Beaucoup d’éléments pouvaient faire penser que cette union serait éphémère et ce d’autant plus que la majorité des Francs qui avaient combattu à cette période aux côtés des rois hispaniques, avait été invitée à retourner dans leurs domaines. En outre, malgré les accords et les liens familiaux, le nord de la péninsule ibérique demeurait une poudrière. Indépendamment d’un objectif commun, les ambitions de certains se heurtaient aux prétentions des autres. L’avenir d’un territoire pouvait dépendre d’un traité (par exemple le traité de Guadalajara5 en 1207) d’une croisade (la croisade contre les Albigeois en 1226 puis celle d’Aragon en 1285), d’une guerre, d’un partage ou d’un mariage. Or, si le rapprochement qui relia le comté de Champagne à la couronne de Navarre fut relativement court (un peu moins d’un siècle), celui qui allait lier le royaume des Garcia et des Sanche à la France des Robert, des Philippe et des Louis se construisit sur plusieurs siècles. Car après la mort de Charles IV le Bel, même si la couronne de Navarre fut séparée du royaume, elle resta unie à la France par les maisons d’Évreux, de Foix et d’Albret. Deux cent soixante et un ans séparèrent la mort du dernier des Capétiens directs du couronnement d’Henri IV. À partir de cette date, le nouveau royaume de Navarre issu de la Paix des Dames en 1529 s’accrochait définitivement au royaume de France.
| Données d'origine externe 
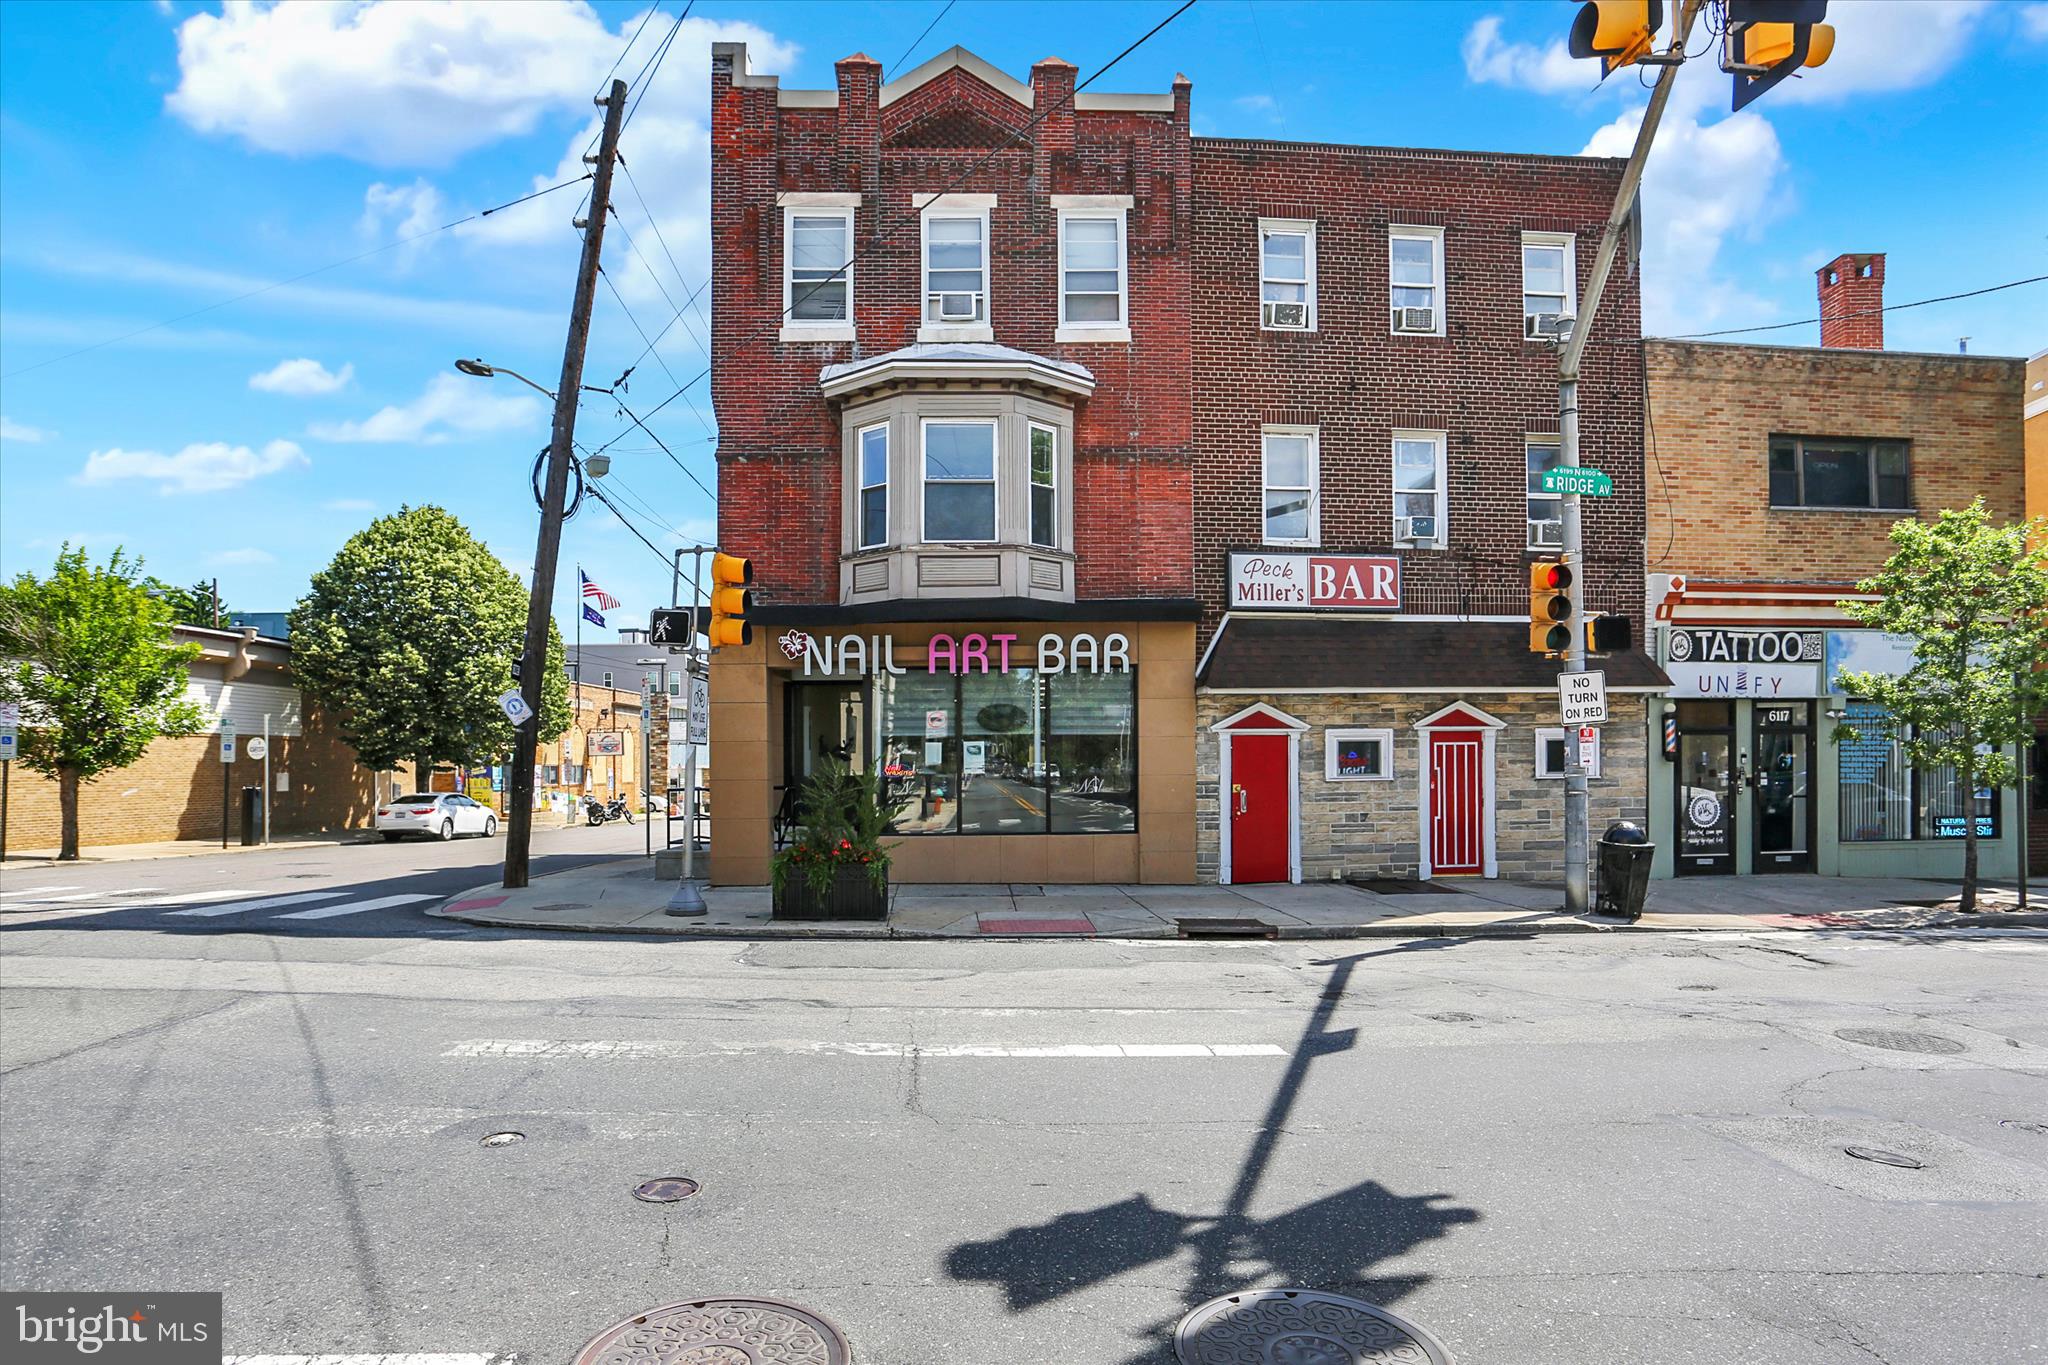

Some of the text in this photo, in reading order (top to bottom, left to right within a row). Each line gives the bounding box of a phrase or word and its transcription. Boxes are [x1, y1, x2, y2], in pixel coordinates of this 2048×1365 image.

Dans le souci de préserver leur avenir, Navarrais et Champenois travaillèrent à ce que l’union de leur royaume et de leur comté perdure. À l’équivalence de n’importe quelle alliance, il y eut des concessions et des renoncements, des oppositions et des soutiens, des temps de guerres et des temps de paix. Les nouveaux rois de Navarre trouvèrent l’appui des rois capétiens durant les périodes troubles survenues au cours de leur présence dans le royaume. Dans le souci d’asseoir leur souveraineté dans l’échiquier médiéval, ils trouvèrent l’appui de l’Église de Rome pour, par l’onction du sacre, placer leurs règnes sous la bénédiction divine. Quels qu’en aient été les moyens, ils transmirent à leurs successeurs un royaume intègre, pacifié, modernisé et qui avait conservé sa place aux côtés des autres royaumes péninsulaires. Deux siècles plus tard, la Navarre fut divisée.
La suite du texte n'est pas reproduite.